The company says it is still complying with contractual supply obligations.

by: Joseph Murphy

Posted in:

NGW News Alert, Natural Gas & LNG News, Europe, Top Stories, Corporate, Import/Export, Contracts and tenders, News By Country, EU, Russia

Gazprom slashes non-FSU exports by 41% this month

Russia's Gazprom reduced exports to countries outside the former Soviet Union (FSU) by 41.1% year on year in the first half of January, the company reported on January 17. But the company noted it was still complying with its contractual supply obligations.

Gazprom sent only 5.4bn m3 to non-FSU countries during the 15 days, compared with 9.1bn m3 during the same period in 2021. At the same time its production was stable at 23.1bn m3, up 2.1% year on year, while domestic supplies were 3.7% higher. Deliveries to China via the Power of Siberia were 50% higher than a year earlier.

"The company's gas deliveries are carried out as requested by consumers in line with contractual obligations," Gazprom said, without giving any reasons for the sharp decline in European deliveries.

Despite Gazprom's announcement, TTF futures have been stable on January 18, with the February delivery contract trading at only 0.4% above the level in the previous session at €77.3 ($88)/MWh, as of 13:00 GMT. Gas prices have fallen this month from record heights in December, on the back of warmer weather and an influx of extra LNG. 

Storage levels are still a source of concern, however. Gas Infrastructure Europe estimates that EU and UK gas storage facilities are currently 46.8% full, down 0.5 percentage points from the level on January 17.

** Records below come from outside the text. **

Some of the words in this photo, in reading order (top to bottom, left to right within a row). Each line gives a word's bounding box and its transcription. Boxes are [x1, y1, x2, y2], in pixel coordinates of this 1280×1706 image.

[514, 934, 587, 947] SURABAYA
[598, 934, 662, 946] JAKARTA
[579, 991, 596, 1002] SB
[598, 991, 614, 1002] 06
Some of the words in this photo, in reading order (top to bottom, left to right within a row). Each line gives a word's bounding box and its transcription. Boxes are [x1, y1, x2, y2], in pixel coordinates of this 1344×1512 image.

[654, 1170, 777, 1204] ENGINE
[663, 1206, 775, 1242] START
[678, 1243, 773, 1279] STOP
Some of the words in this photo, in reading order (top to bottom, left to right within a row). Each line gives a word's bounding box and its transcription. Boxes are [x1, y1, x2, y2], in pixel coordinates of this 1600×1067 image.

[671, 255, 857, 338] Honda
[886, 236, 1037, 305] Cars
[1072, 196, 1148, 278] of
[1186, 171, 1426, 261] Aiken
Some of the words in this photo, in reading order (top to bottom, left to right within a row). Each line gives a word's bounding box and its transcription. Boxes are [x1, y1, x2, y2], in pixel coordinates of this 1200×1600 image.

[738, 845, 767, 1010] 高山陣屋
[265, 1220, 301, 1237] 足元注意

The significant drop in Russian supplies to Europe this month cannot be explained by production constraints, Thierry Bros, professor at Sciences Po Paris, tells NGW. The unanswered question, he says, is why Gazprom's European customers seem to be only requesting the minimum contractual volumes. It is possible that Gazprom has informed them they cannot ask for additional supply, he says.